Assignment ->
Every record is to be printed exactly as written; pictures are to be omitted.

Saved data entries
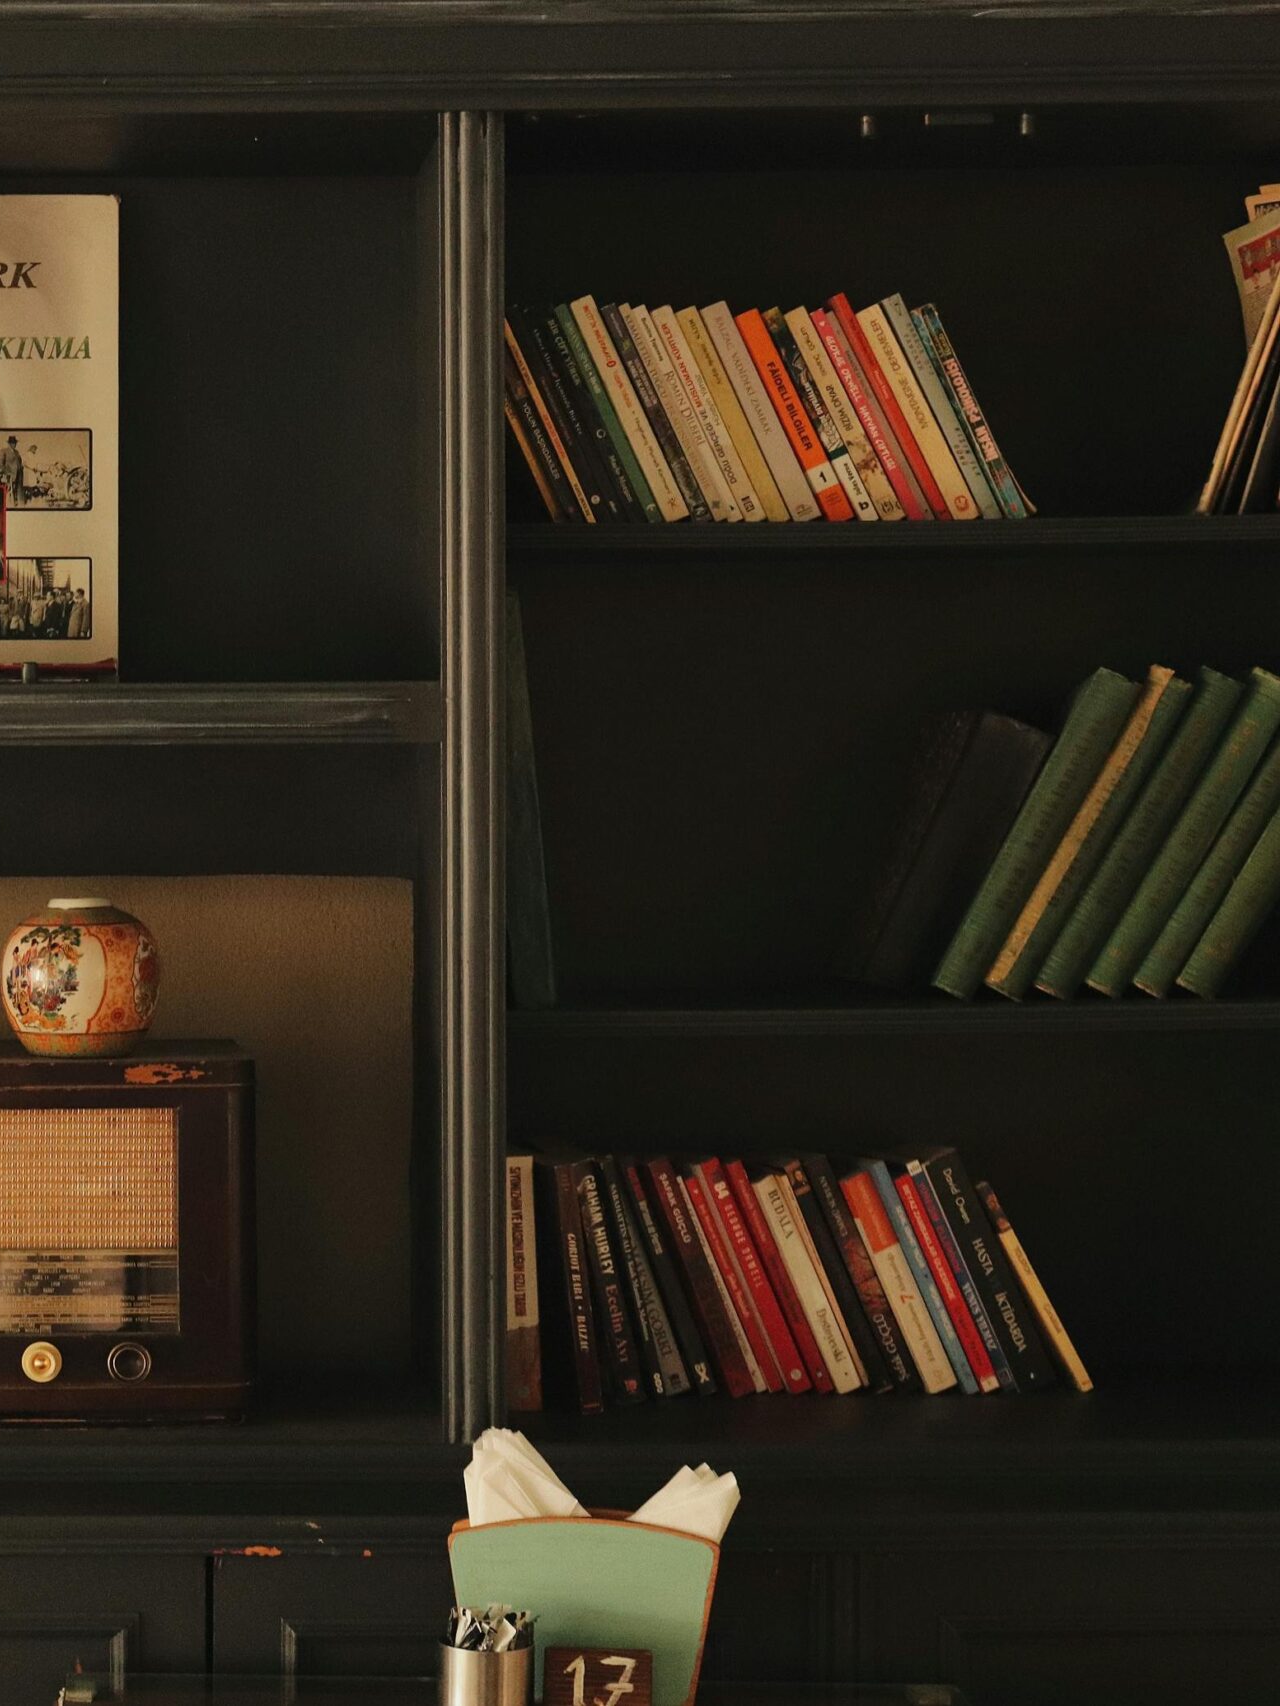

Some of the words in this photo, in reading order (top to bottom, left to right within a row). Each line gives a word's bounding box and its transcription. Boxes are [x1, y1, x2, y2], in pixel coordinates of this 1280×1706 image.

[663, 370, 688, 408] ROMEN
[824, 332, 847, 367] GEORGE
[840, 366, 863, 402] ORWELL
[858, 404, 879, 438] HAYVAN
[825, 383, 842, 408] DİYAR
[697, 408, 708, 421] VE
[836, 407, 853, 432] BİZİM
[841, 462, 854, 480] Verne
[849, 479, 862, 496] Jules
[767, 1189, 794, 1239] BUDALA
[942, 1167, 961, 1195] David
[954, 1196, 973, 1224] Owen
[582, 1174, 604, 1224] GRAHAM
[593, 1226, 614, 1275] HURLEY
[605, 1284, 625, 1333] Ecelin
[900, 1290, 915, 1304] 7
[970, 1237, 996, 1276] HASTA
[994, 1291, 1029, 1353] İKTİDARDA
[563, 1654, 637, 1706] 17

Expected answer ->
Some of the words in this photo, in reading order (top to bottom, left to right within a row). Each line gives a word's bounding box and its transcription. Boxes are [x1, y1, x2, y2], in pixel coordinates of this 1280×1706 image.

[663, 370, 688, 408] ROMEN
[824, 332, 847, 367] GEORGE
[840, 366, 863, 402] ORWELL
[858, 404, 879, 438] HAYVAN
[825, 383, 842, 408] DİYAR
[697, 408, 708, 421] VE
[836, 407, 853, 432] BİZİM
[841, 462, 854, 480] Verne
[849, 479, 862, 496] Jules
[767, 1189, 794, 1239] BUDALA
[942, 1167, 961, 1195] David
[954, 1196, 973, 1224] Owen
[582, 1174, 604, 1224] GRAHAM
[593, 1226, 614, 1275] HURLEY
[605, 1284, 625, 1333] Ecelin
[900, 1290, 915, 1304] 7
[970, 1237, 996, 1276] HASTA
[994, 1291, 1029, 1353] İKTİDARDA
[563, 1654, 637, 1706] 17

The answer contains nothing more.